ACTIVITY ▸ Send back all of the records, each one exactly as written.

■ ■ ■ ■

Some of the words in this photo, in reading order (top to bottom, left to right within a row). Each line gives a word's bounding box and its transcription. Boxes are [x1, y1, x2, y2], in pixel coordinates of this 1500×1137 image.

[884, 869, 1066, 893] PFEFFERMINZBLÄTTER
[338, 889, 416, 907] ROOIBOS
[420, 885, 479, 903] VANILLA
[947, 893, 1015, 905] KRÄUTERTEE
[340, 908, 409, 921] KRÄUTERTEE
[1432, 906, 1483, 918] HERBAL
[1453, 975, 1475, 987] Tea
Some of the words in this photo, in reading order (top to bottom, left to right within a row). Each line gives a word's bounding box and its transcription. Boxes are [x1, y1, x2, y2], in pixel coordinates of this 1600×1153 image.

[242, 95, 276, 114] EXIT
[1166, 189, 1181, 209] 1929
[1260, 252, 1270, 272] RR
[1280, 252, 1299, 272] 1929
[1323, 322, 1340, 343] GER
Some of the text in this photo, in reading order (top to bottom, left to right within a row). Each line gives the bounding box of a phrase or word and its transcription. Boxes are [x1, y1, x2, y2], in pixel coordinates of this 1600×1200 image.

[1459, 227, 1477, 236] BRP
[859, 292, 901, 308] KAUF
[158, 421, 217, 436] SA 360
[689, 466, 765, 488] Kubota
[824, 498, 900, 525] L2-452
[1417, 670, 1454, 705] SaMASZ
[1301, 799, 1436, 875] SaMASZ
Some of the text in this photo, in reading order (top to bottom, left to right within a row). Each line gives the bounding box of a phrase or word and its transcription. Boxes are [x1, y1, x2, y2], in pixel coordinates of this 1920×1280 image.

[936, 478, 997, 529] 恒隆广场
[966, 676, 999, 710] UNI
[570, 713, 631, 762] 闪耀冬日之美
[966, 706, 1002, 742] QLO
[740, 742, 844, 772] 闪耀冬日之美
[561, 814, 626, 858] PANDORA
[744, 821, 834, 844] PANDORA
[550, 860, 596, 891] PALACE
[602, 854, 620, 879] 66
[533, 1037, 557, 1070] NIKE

■ ■ ■ ■

REPLY ▸
Some of the words in this photo, in reading order (top to bottom, left to right within a row). Each line gives a word's bounding box and its transcription. Boxes are [x1, y1, x2, y2], in pixel coordinates of this 1500×1137 image.

[884, 869, 1066, 893] PFEFFERMINZBLÄTTER
[338, 889, 416, 907] ROOIBOS
[420, 885, 479, 903] VANILLA
[947, 893, 1015, 905] KRÄUTERTEE
[340, 908, 409, 921] KRÄUTERTEE
[1432, 906, 1483, 918] HERBAL
[1453, 975, 1475, 987] Tea
Some of the words in this photo, in reading order (top to bottom, left to right within a row). Each line gives a word's bounding box and its transcription. Boxes are [x1, y1, x2, y2], in pixel coordinates of this 1600×1153 image.

[242, 95, 276, 114] EXIT
[1166, 189, 1181, 209] 1929
[1260, 252, 1270, 272] RR
[1280, 252, 1299, 272] 1929
[1323, 322, 1340, 343] GER
Some of the text in this photo, in reading order (top to bottom, left to right within a row). Each line gives the bounding box of a phrase or word and its transcription. Boxes are [x1, y1, x2, y2], in pixel coordinates of this 1600×1200 image.

[1459, 227, 1477, 236] BRP
[859, 292, 901, 308] KAUF
[158, 421, 217, 436] SA 360
[689, 466, 765, 488] Kubota
[824, 498, 900, 525] L2-452
[1417, 670, 1454, 705] SaMASZ
[1301, 799, 1436, 875] SaMASZ
Some of the text in this photo, in reading order (top to bottom, left to right within a row). Each line gives the bounding box of a phrase or word and its transcription. Boxes are [x1, y1, x2, y2], in pixel coordinates of this 1920×1280 image.

[936, 478, 997, 529] 恒隆广场
[966, 676, 999, 710] UNI
[570, 713, 631, 762] 闪耀冬日之美
[966, 706, 1002, 742] QLO
[740, 742, 844, 772] 闪耀冬日之美
[561, 814, 626, 858] PANDORA
[744, 821, 834, 844] PANDORA
[550, 860, 596, 891] PALACE
[602, 854, 620, 879] 66
[533, 1037, 557, 1070] NIKE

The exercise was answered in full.